Al comma 6 stabilisce che «[n]ella dichiarazione di cui al comma 5 il debitore indica l’eventuale pendenza di giudizi aventi ad oggetto i carichi in essa ricompresi e assume l’impegno a rinunciare agli stessi giudizi, che, dietro presentazione di copia della dichiarazione e nelle more del pagamento delle somme dovute, sono sospesi dal giudice. L’estinzione del giudizio è subordinata all’effettivo perfezionamento della definizione e alla produzione, nello stesso giudizio, della documentazione attestante i pagamenti effettuati; in caso contrario, il giudice revoca la sospensione su istanza di una delle parti».

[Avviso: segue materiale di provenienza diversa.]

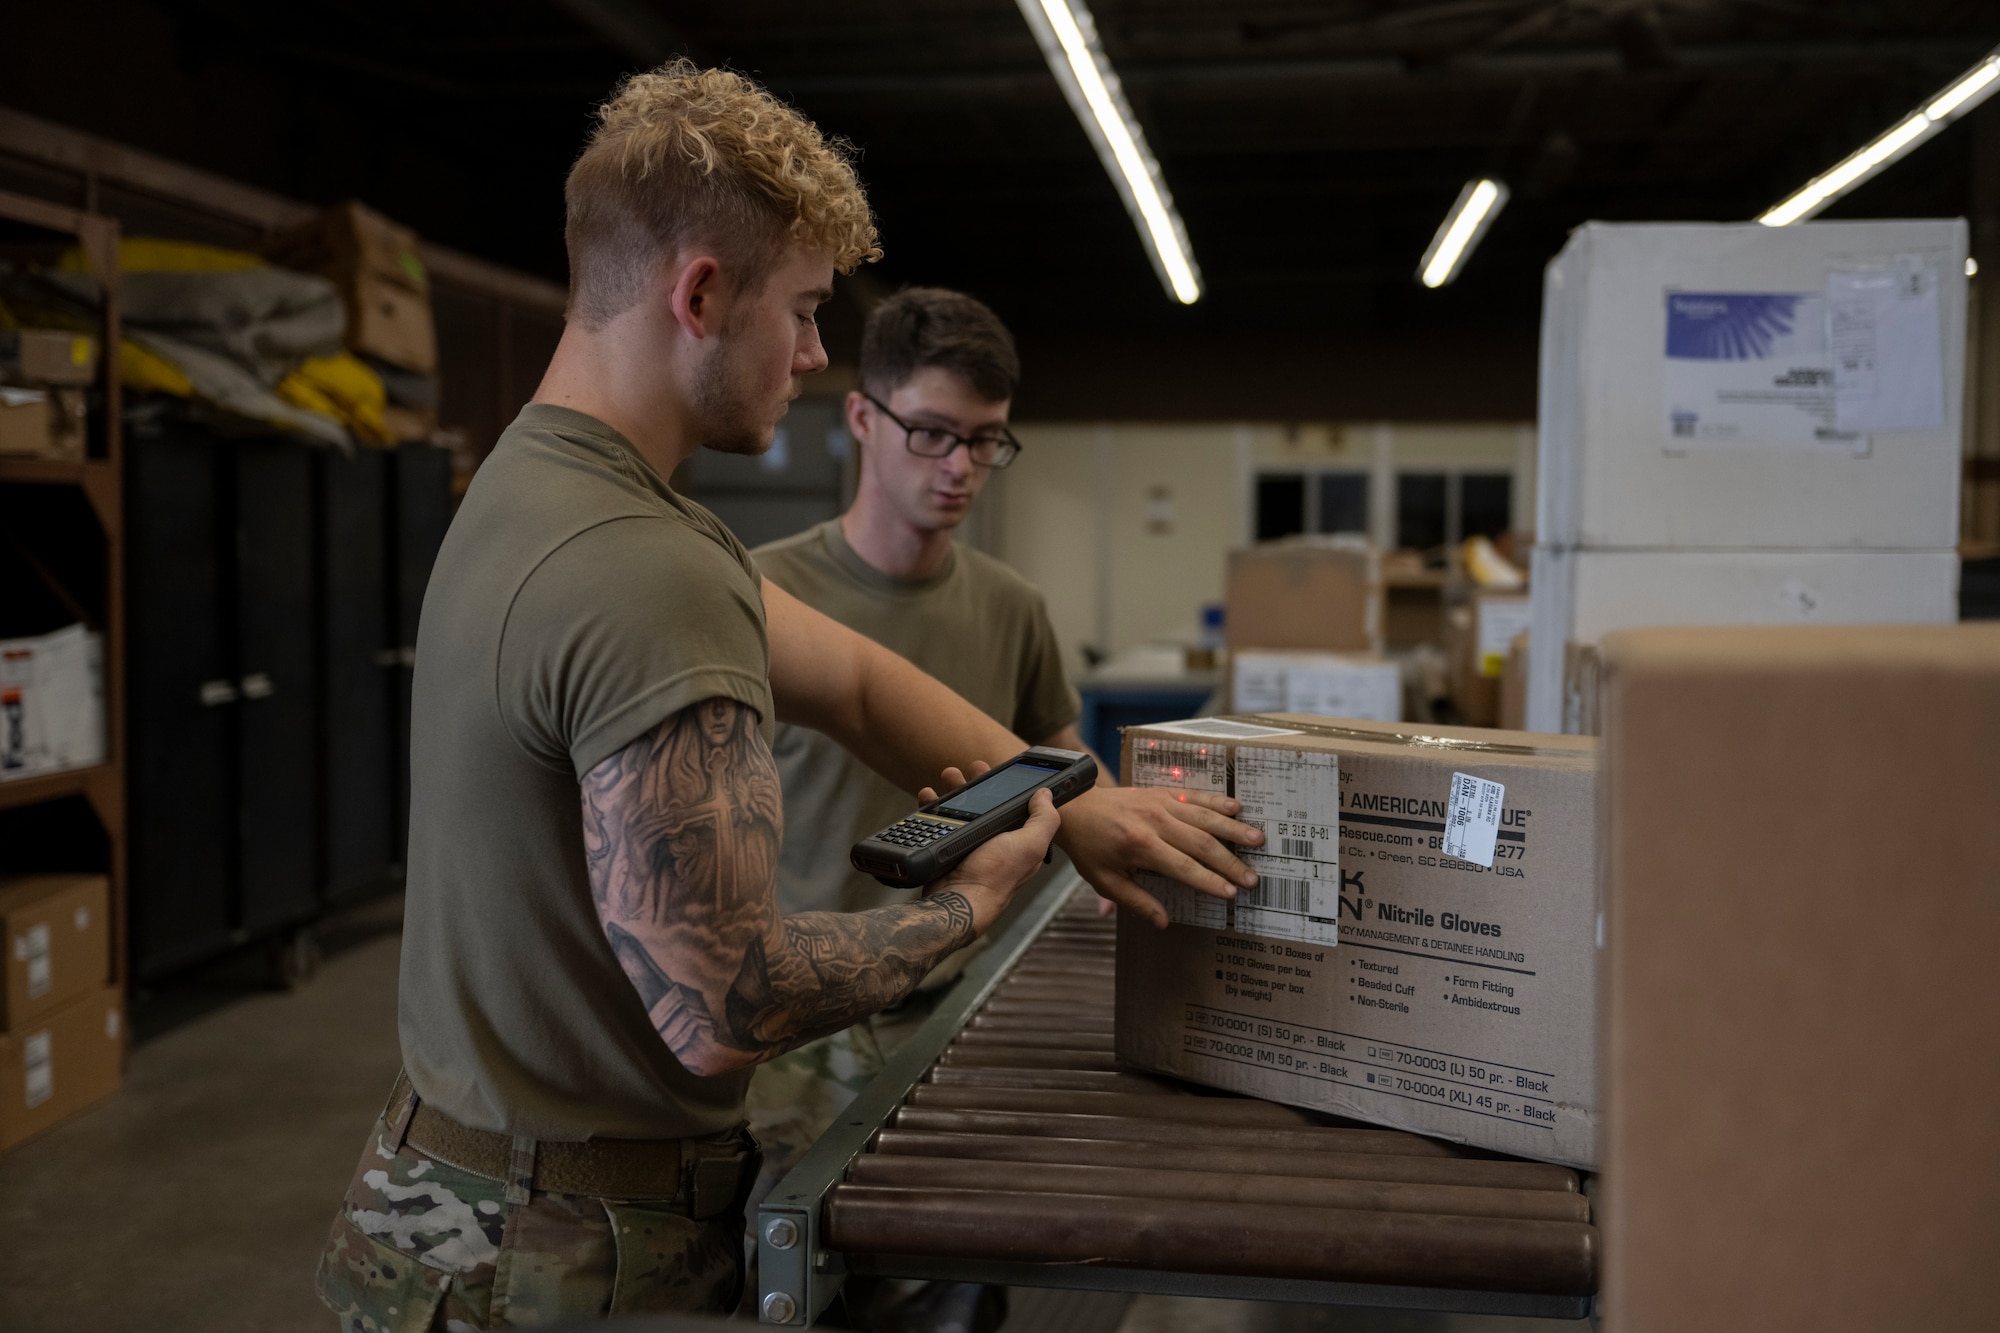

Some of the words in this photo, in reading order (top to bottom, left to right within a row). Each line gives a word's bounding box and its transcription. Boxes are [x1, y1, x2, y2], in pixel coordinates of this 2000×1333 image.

1.2.– Ad avviso del rimettente, la normativa censurata, condizionando alla richiesta di parte la revoca della sospensione del processo tributario disposta sulla base della presentazione, da parte del contribuente, della sola dichiarazione di adesione alla definizione agevolata «e [di] null’altro», determinerebbe, in caso di mancato perfezionamento della procedura, una paralisi del processo sine die.

La disposizione in scrutinio contrasterebbe quindi con gli artt. 53, 81 e 97, primo comma, Cost., in quanto, non prescrivendo, a carico dell’agente della riscossione, un obbligo di formulare istanza di prosecuzione del giudizio ai sensi dell’art. 43 del decreto legislativo 31 dicembre 1992, n. 546 (Disposizioni sul processo tributario in attuazione della delega al Governo contenuta nell’art. 30 della legge 30 dicembre 1991, n. 413), attribuirebbe a un soggetto estraneo all’amministrazione creditrice un potere di disposizione su un credito dell’erario, in contrasto con il principio generale di tutela delle pubbliche finanze.

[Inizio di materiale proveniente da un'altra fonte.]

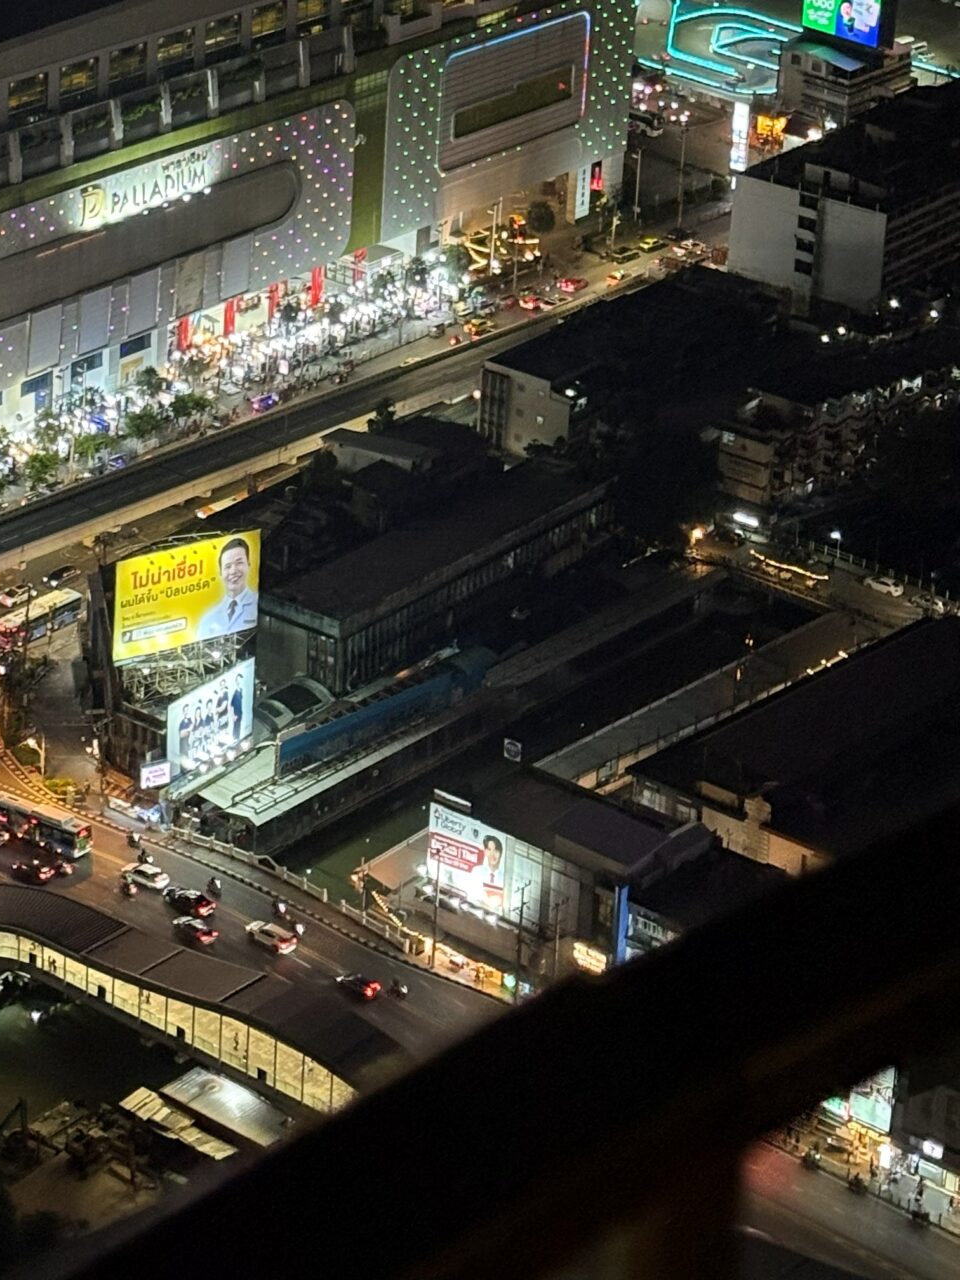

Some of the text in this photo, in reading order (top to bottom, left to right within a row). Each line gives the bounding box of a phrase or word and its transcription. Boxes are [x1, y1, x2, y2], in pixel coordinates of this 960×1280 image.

[111, 164, 206, 214] PALLADIUM
[131, 555, 204, 590] ไม่น่าเชื่อ!

1.3.– Sarebbero altresì violati gli artt. 24 e 111 Cost., poiché la sospensione del giudizio per una durata indefinita contrasterebbe con l’interesse alla sollecita definizione delle controversie tributarie, specie nell’ipotesi in cui l’agente della riscossione sia parte ricorrente o appellante, compromettendo anche il diritto di difesa delle amministrazioni impositrici e il principio di parità delle parti nel processo.

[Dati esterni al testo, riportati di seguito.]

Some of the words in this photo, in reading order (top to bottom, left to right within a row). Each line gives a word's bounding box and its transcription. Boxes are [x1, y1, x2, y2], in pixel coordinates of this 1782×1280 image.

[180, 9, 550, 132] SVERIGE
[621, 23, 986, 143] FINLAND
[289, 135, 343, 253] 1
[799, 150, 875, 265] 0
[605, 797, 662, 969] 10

1.4.– Le norme censurate recherebbero vulnus anche agli artt. 111 Cost. e 6 CEDU, poiché, rimettendo la ripresa del processo sospeso alla scelta delle parti, senza prevedere che l’estinzione consegua automaticamente alla loro inattività, si porrebbero in contrasto con il principio del giusto processo e della sua ragionevole durata.

1.5.– Il rimettente prospetta, altresì, la violazione degli artt. 3, 23, 24, primo comma, e 97, primo comma, Cost., sul presupposto che dalle norme in scrutinio discenderebbe una ingiustificata disparità di trattamento tra i casi in cui un credito tributario sia stato affidato all’agente della riscossione e quelli in cui lo stesso credito sia fatto valere in giudizio dall’amministrazione titolare, la quale, a differenza del primo, è obbligata a esigerne l’adempimento.

1.6.– Ancora, le norme denunziate contrasterebbero con gli artt. 3, 24, primo comma, 97, primo comma, e 111 Cost., in quanto, attribuendo al soggetto che abbia aderito alla definizione agevolata la possibilità di provocare la sospensione del giudizio sine die, vulnererebbero il principio di parità delle parti nel processo tributario, comportando una disparità di trattamento tra i contribuenti che, dopo aver presentato l’istanza di adesione, effettuano i versamenti nei termini stabiliti, e quelli che non vi provvedono, posto che, nel primo caso, il processo si estingue, mentre nel secondo rimane indefinitamente sospeso, arrecando vantaggio ai debitori inadempienti.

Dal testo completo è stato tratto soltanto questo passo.